It fell, splatting dully onto the Scab-covered cobbles. More vile steam rose. Its fingers had torn through the ragged woollen gloves, being far too long and corpse-pallid, each sporting an extra joint that no doubt helped the thing wield a knife.
Or its whip, which clattered on the cobbles beside it.
Emma set her chin, bringing the fan-shield back smoothly. The creature’s advantage of surprise was lost, and she had successfully driven it down. But where was Mikal, and what precisely was this unholy thing?
It hissed, scrabbling at age-blackened cobbles with malformed hands to find its weapon, and she had a moment to be grateful Clare was not further involved in this matter before it twisted upright with inhuman speed and flung itself at her again.
Chapter Twenty-Nine
A Babe In Woods
The saying Foul as Limhoss breath was marvellous apt. Whitchapel had its own stench, and Limhoss no Scab, but in Archibald Clare’s considered judgment there were few places in Londinium to outdo the latter in matters of fragrance. Perhaps it was the Basin, or maybe the mariners who congregated in its dens and dosses, the tar of the ropes or the tight-packed press of alien flesh–for the Chinois population of the Isle was concentrated here, and their suffusion of odours was foreign as well as rank.

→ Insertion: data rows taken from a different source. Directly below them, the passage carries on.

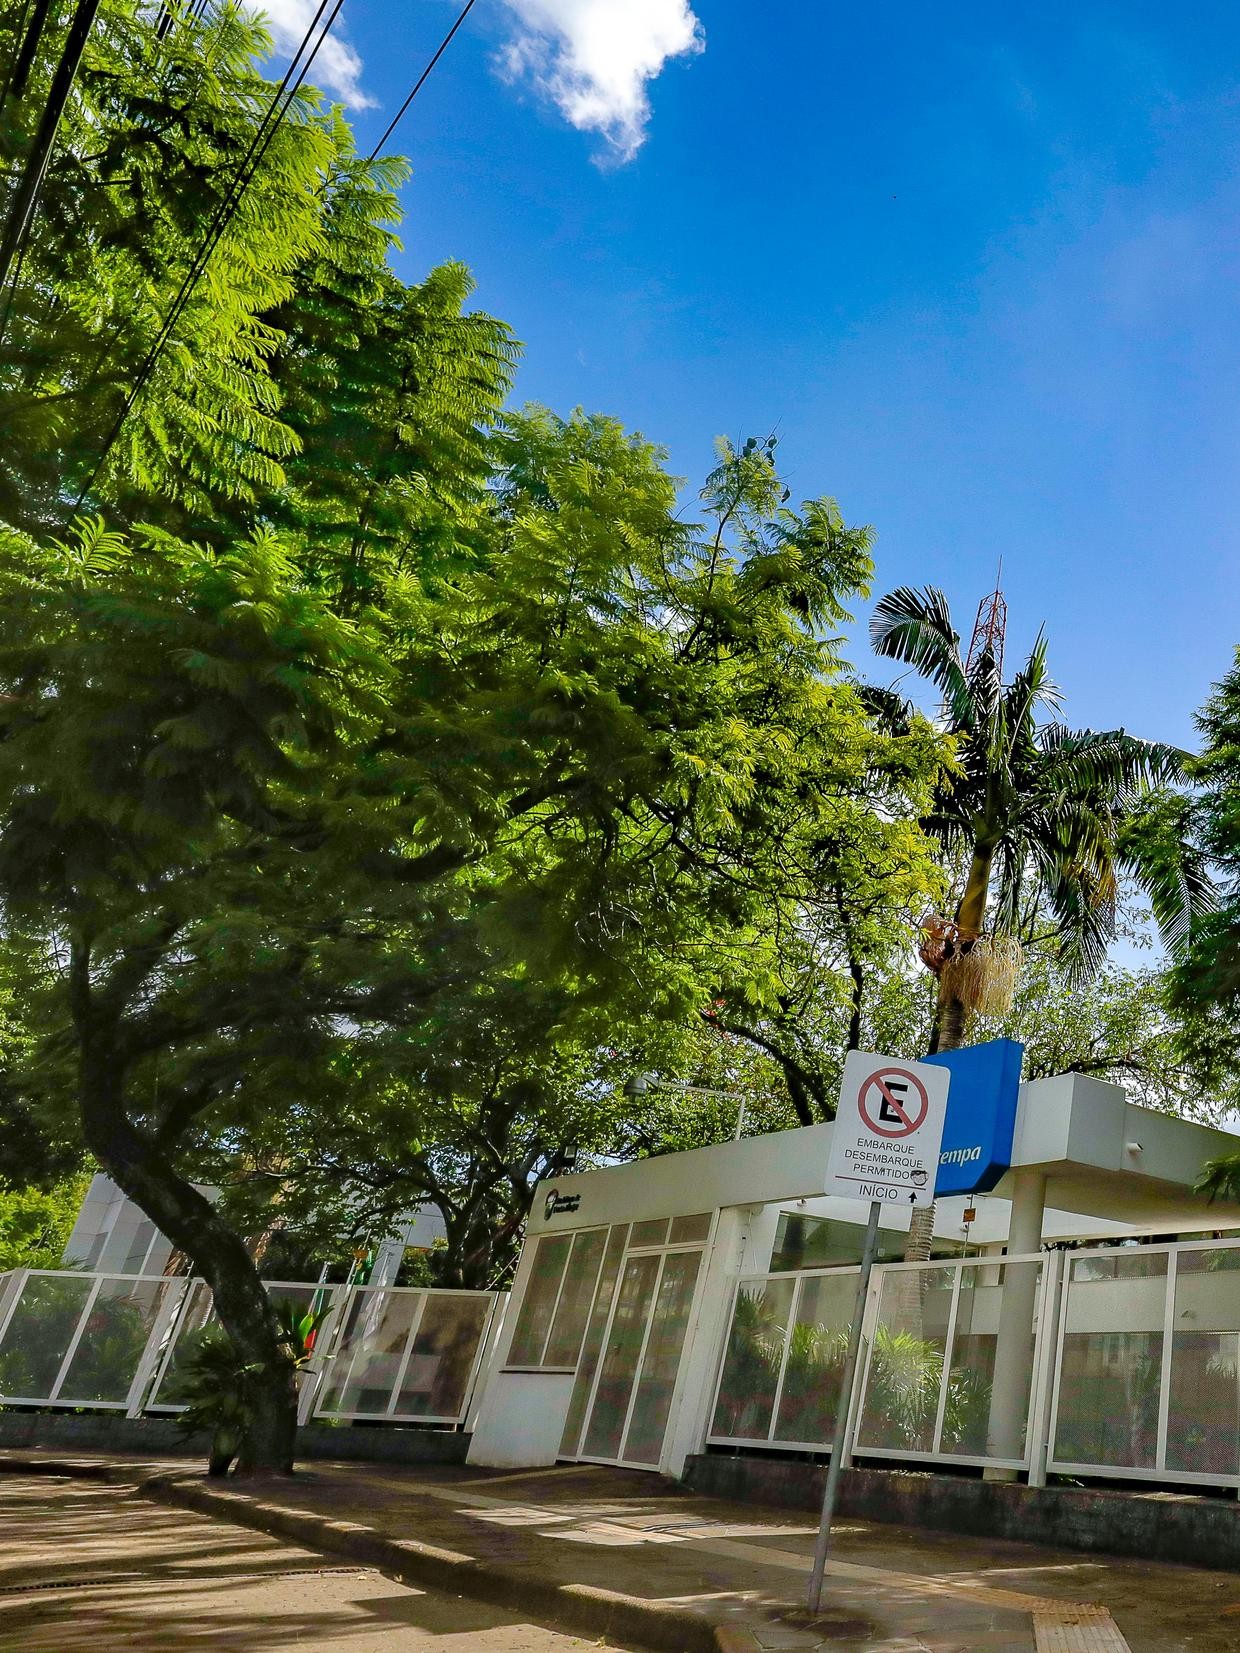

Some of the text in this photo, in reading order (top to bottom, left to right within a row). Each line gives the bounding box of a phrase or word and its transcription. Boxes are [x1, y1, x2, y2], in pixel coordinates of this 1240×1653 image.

[879, 1081, 908, 1124] E
[857, 1138, 915, 1155] EMBARQUE
[844, 1149, 923, 1168] DESEMBARQUE
[939, 1146, 982, 1167] empa
[853, 1163, 910, 1180] PERMITIDO
[859, 1184, 898, 1200] INÍCIO

Ginger and spices, the starch of their rice and boiling of their odd oils, different fish than an Englene would eat, the dry rough note of raw silk, and an acrid smoke enfolded them. Even the fog was a different shade here, its billows assuming the shapes of their odd writing, their crouching, painted charter stones near the doors alive with weak saffron light so they could practise their native arts of minor charming without the risk of nasty side-consequences.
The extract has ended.